Hilda, Lionel y Alexander cenaban en un silencio denso, apenas roto por el tintinear de los cubiertos sobre la porcelana. Cada bocado, cada movimiento, era frío, calculado, como si la mesa fuera un tablero de ajedrez donde cada pieza debía obedecer.
—Todo exquisito, tía Hilda… como siempre —musitó Alexander, inclinando la cabeza en un gesto que rozaba la servidumbre.
Hilda sonrió, satisfecha. De los hijos de Lionel, Alexander era su predilecto: dócil, moldeable, útil para sus propósitos. Noah, en cambio, era la espina que no lograba arrancar, un rebelde que odiaba y admiraba a la vez. Aarón, el más joven, todavía era un enigma; sus impulsos rebeldes prometían ser peligrosos, pero más fáciles de dirigir. Ella no había renunciado a domar a Noah, como antaño lo hizo con Lionel.

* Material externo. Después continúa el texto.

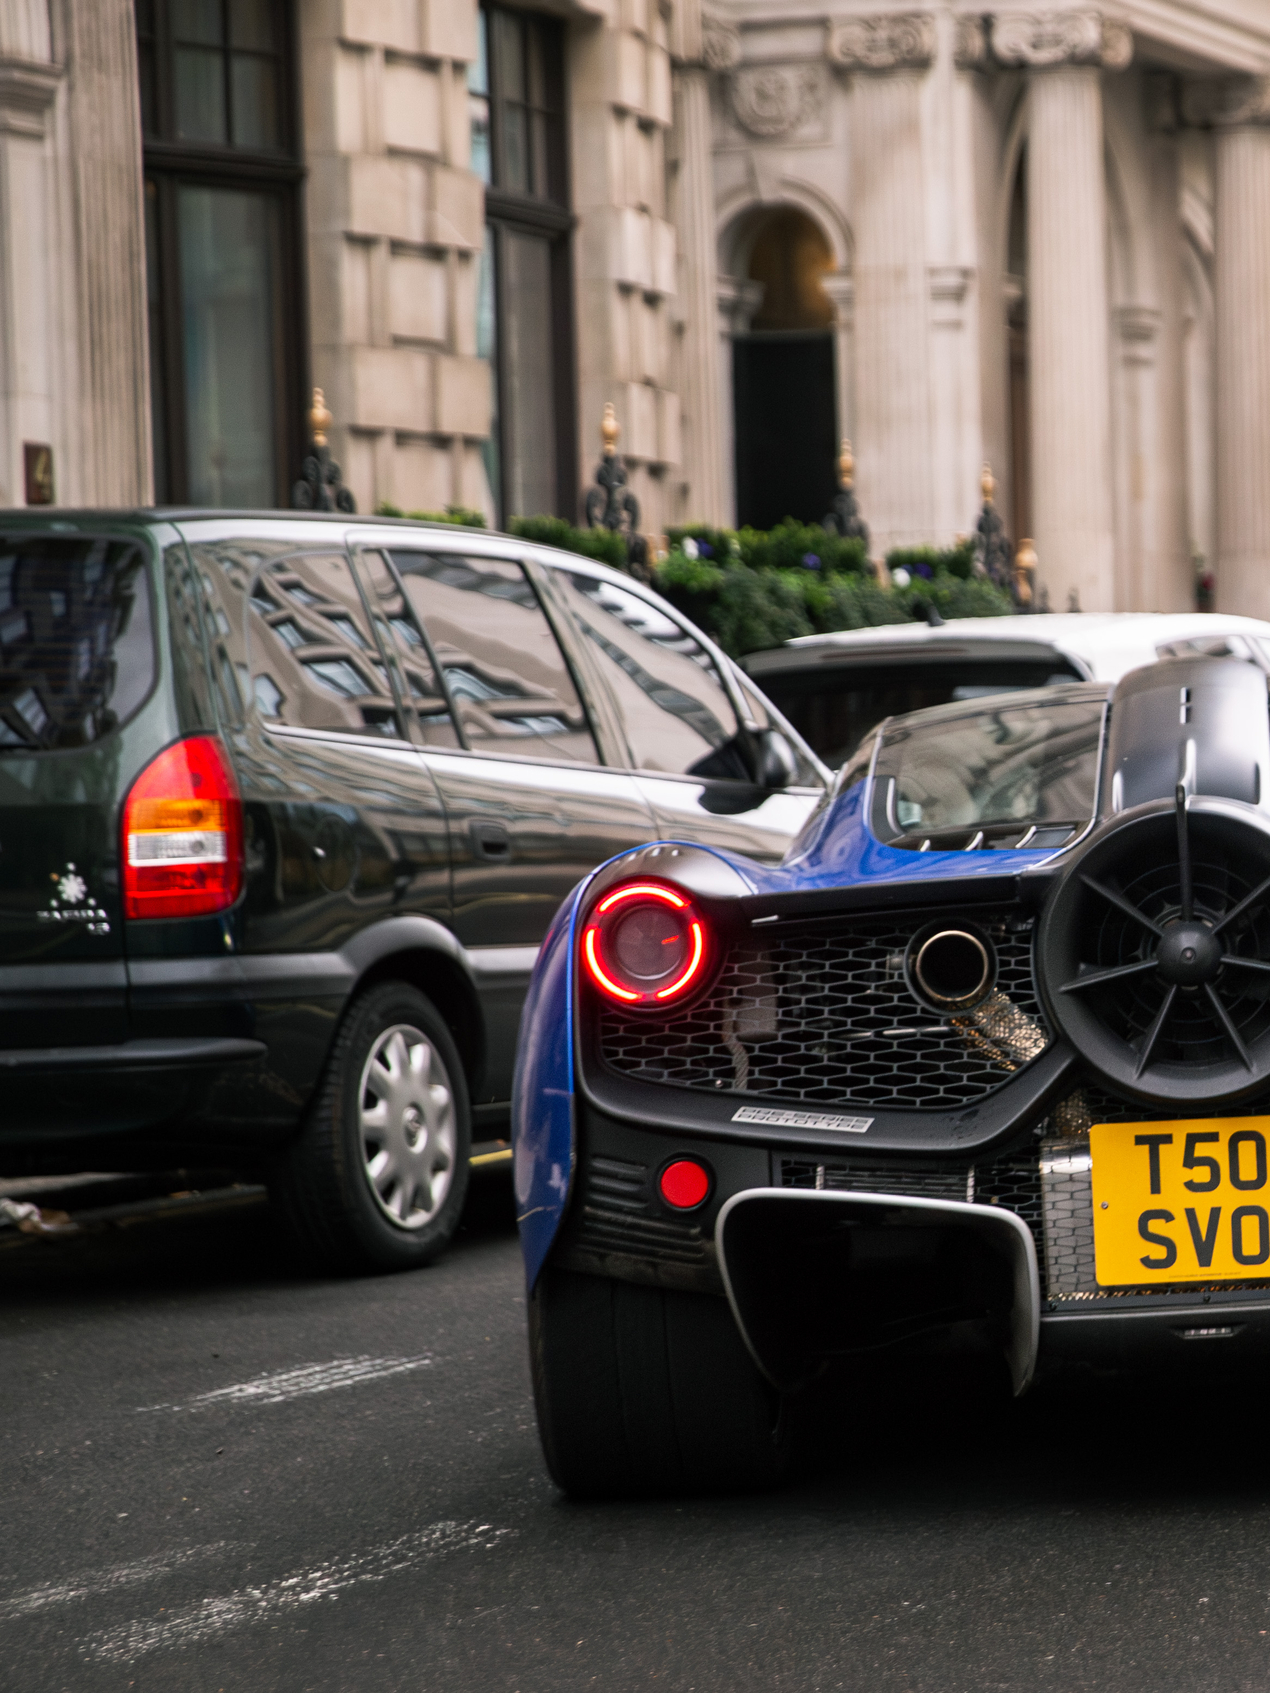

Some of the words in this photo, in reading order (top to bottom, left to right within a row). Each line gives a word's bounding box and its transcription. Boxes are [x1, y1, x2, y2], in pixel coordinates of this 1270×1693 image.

[738, 1112, 866, 1130] PROTOTYPE
[742, 1107, 869, 1124] PRE-SERIES
[1134, 1130, 1268, 1195] T50
[1137, 1205, 1270, 1270] SVO
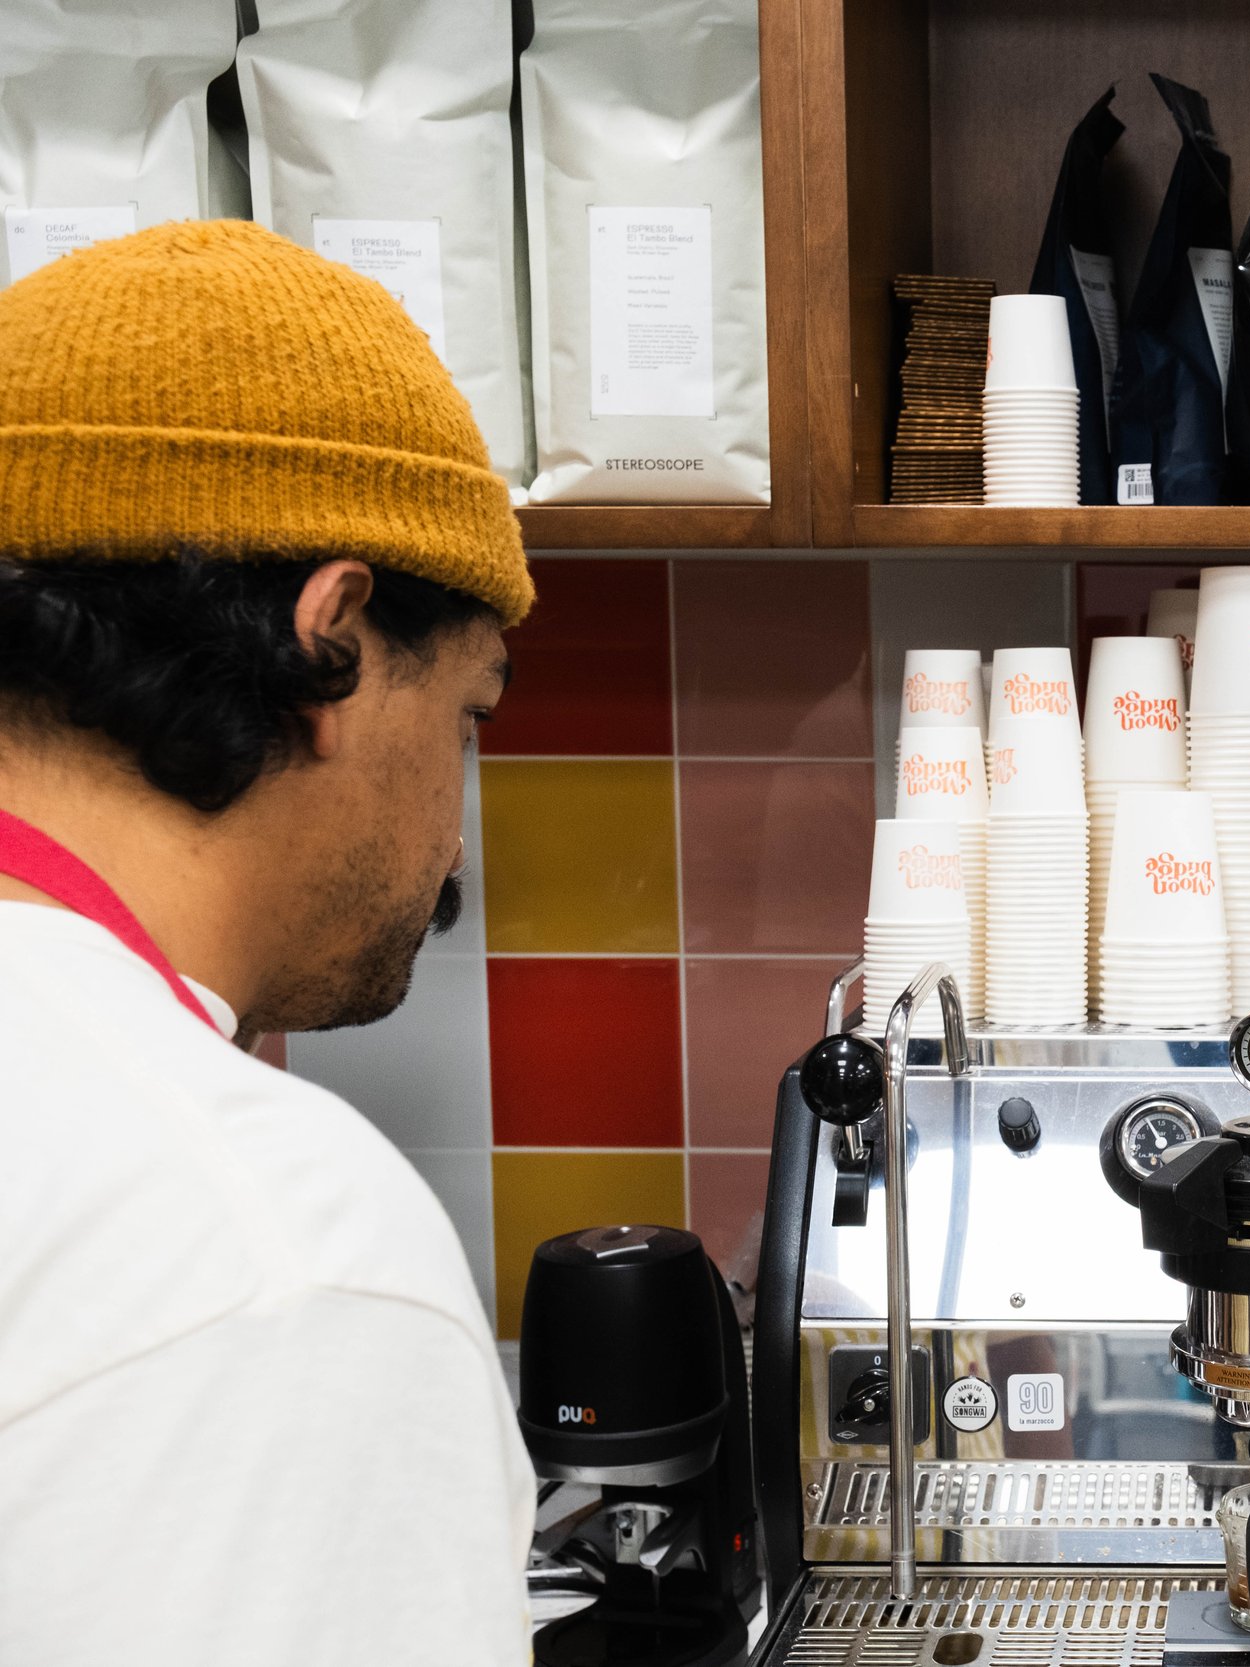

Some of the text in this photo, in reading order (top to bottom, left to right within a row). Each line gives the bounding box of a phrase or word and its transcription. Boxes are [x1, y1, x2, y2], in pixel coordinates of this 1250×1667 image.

[45, 224, 76, 233] DECAF
[627, 224, 674, 234] ESPRESSO
[668, 234, 694, 243] Blend
[352, 238, 401, 247] ESPRESSO
[396, 248, 422, 256] Blend
[606, 458, 704, 470] STEREOSCOPE
[906, 672, 968, 699] bridge
[1004, 673, 1068, 699] bridge
[906, 692, 972, 716] Moon
[1004, 694, 1072, 715] Moon
[1114, 690, 1178, 716] bridge
[1114, 710, 1182, 732] Moon
[903, 754, 968, 780] bridge
[903, 775, 972, 796] Moon
[1145, 852, 1211, 880] bridge
[1145, 872, 1215, 896] Moon
[958, 1384, 982, 1392] HANDS FOR
[1019, 1382, 1054, 1414] 90
[954, 1407, 985, 1416] SONGWA

—Espera a probar el postre —dijo Hilda, tomando la mano de Alexander con fuerza, casi sellando un pacto silencioso.
—Dejemos la cortesía —gruñó Lionel, impaciente—. Vayamos al grano.

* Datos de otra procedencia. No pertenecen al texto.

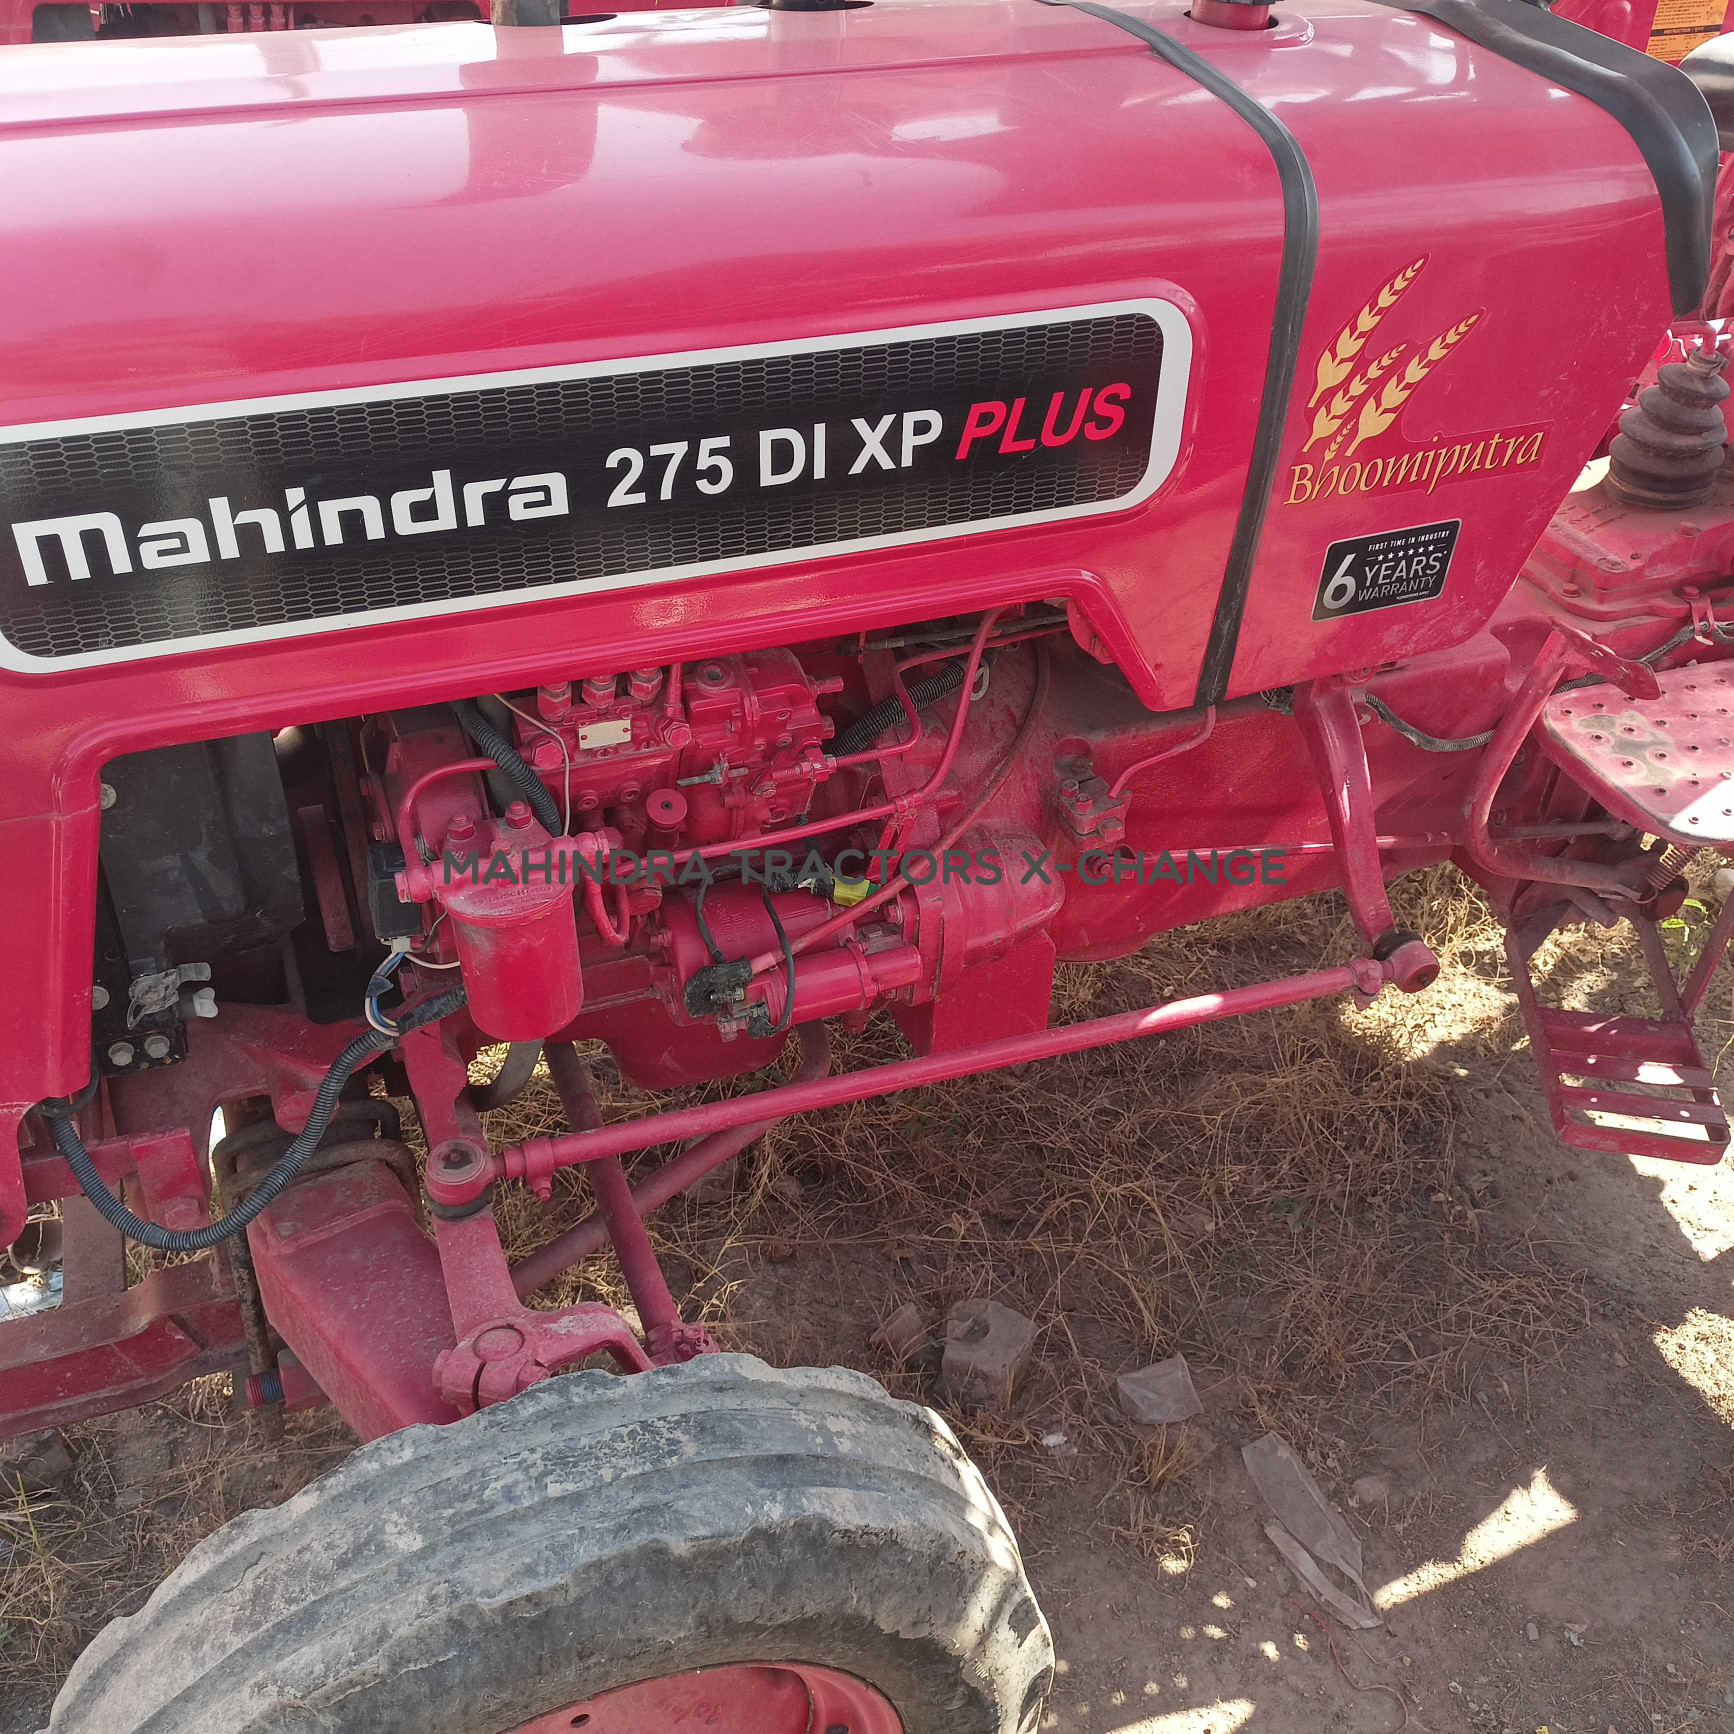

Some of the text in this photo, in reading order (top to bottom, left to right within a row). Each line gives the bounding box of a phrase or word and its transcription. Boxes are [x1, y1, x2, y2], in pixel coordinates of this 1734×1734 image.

[11, 382, 1132, 587] mahindra 275 DI XP PLUS
[1283, 430, 1545, 506] Bhoomiputra
[1368, 530, 1450, 552] FIRST TIME IN INDUSTRY
[1323, 552, 1357, 610] 6
[1358, 575, 1438, 602] WARRANTY

—Como quieras, hermano —Hilda entrecerró los ojos, la satisfacción de quien está a punto de clavar un puñal—. Ofelia estuvo aquí temprano… bastante alterada.
—¿Qué le sucedió? —preguntó Alexander, la preocupación evidente en cada microgesto.
—Cariño… —Hilda deslizó la voz como un cuchillo sobre terciopelo—. Tendrás que aprender a ocultar mejor tus emociones. Esa reacción tuya te delata. Cada gesto, cada mirada, te expone como a un novato.
Lionel lo observó con gravedad, apuró un trago de vino y lanzó:
—Hilda tiene razón. ¿Qué demonios pasa contigo? ¿Estás enamorado de la exmujer de tu hermano?
La rabia subió al rostro de Alexander, fuego y frustración. Respondió con veneno contenido.
—Me preocupo por Ofelia porque Noah la destruyó. La conocí dulce, llena de sueños… y ahora no es más que una sombra. Noah jugó a ser esposo perfecto… hasta quebrarla. La abandonó a sus demonios. ¡La usó y luego la arrojó como un despojo inútil! —Se inclinó ligeramente, la voz temblando entre la ira y el dolor—. Ofelia merece amor, no la crueldad disfrazada de indiferencia que recibió.
Hilda soltó una risa sorda, un siseo de serpiente.
—Ah, qué conmovedor… —se burló—. ¿El príncipe salvador eres tú, Alexander? Abre los ojos. La idolatría ciega es la antesala de la ruina. Ofelia no siente nada por ti; solamente te utiliza. Lo vi en tu rostro… aquella noche, cuando la contemplabas abrazar a Noah. Tu silencio se desangraba.
Lionel se removió incómodo. Sabía demasiado bien cuán certeras podían ser las palabras de su hermana. La recordó manipulando la vida de Claudia, su difunta esposa, robándole la alegría hasta matarla de pena.
—¡Basta de veneno! —explotó Alexander, golpeando la mesa—. Dime qué le dijo Ofelia.
Hilda sonrió con sadismo contenido, como serpiente a punto de morder.
—Mandó a investigar a Noah —dijo, tendiéndole un sobre—.
Lionel frunció el ceño al ver las fotografías. Hilda continuó, helada.
—Lo peor no es que Noah tenga a otra mujer… sino quién es. La hija de una de las obreras de limpieza de la empresa.
Alexander tomó una foto, frunciendo el ceño mientras escrutaba el rostro desconocido.
—No sé quién es esta mujer… Noah siempre ha tenido buen gusto.
Hilda le lanzó una mirada envenenada.
—Yo sí la conozco. Una pobretona arrogante.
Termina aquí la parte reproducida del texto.